= Irish food shortages (1925) =

In 1925, the newly independent Irish Free State underwent food shortages. The Irish War of Independence, the Irish Civil War and an economic depression had taken their toll on society, with over 100,000 unemployed in a population of three million.
==Official denial by the Minister for Lands and Agriculture==
The Executive Council of the Irish Free State denied that people faced starvation. Speaking in the Dáil, the Minister for Lands and Agriculture Patrick Hogan, stated, "There is no abnormal distress in the West this year. I say that definitely and deliberately. There is always distress in the West, but the distress this year is not... particularly unique,... There is never real famine in the West unless there is a failure of potatoes, and there was no failure of potatoes this year."

Hogan's claim was not only at odds with media reports over the previous six months but also with his own colleagues. Heavy rain had caused crop failure and destroyed animal fodder, and the flooding of peat bogs had also deprived people of fuel. The government were accused of covering up the food shortages in order to avoid bad publicity. The Department of Local Government and Public Health insisted in February that there was no famine, merely "acute distress."
==Loss of livestock==
In April 1925, an Irish Times report described the loss of livestock from fluke and other diseases in County Clare, but it disputed reports that people had been living on leaves or making stock out of the meat of animals which had died of disease. Conditions returned to normal with better harvests in 1925 and 1926.

==Relief efforts==
The Free State government allocated IR£250,000 in relief funds. An appeal for funds was made in Australia by Linda Kearns in February 1925, raising thousands of Australian pounds.
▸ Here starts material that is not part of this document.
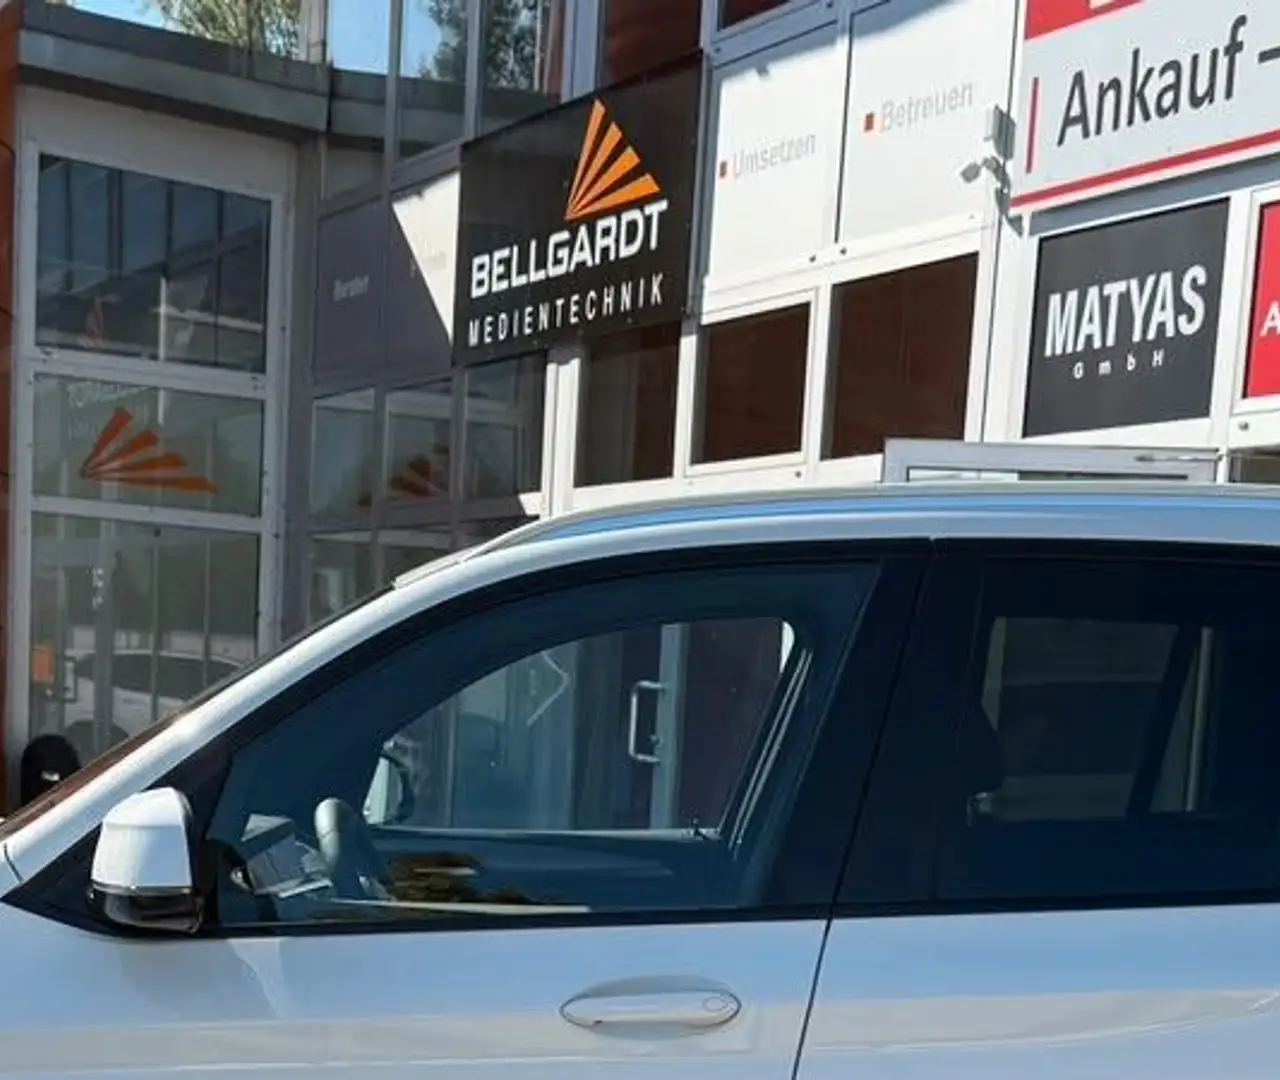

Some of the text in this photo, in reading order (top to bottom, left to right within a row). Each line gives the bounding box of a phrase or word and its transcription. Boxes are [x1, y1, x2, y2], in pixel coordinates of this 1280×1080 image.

The Workers International Relief (a Communist International adjunct) also organised relief. The Catholics of New York sent US$25,000 in February 1925. In relation to the donation, Archbishop Patrick O'Donnell described conditions as "No famine, but much want in places." An English firm offered to send one ton of chocolate to the children of Connacht but cancelled its plans when the Irish government insisted on payment of duty on the donation.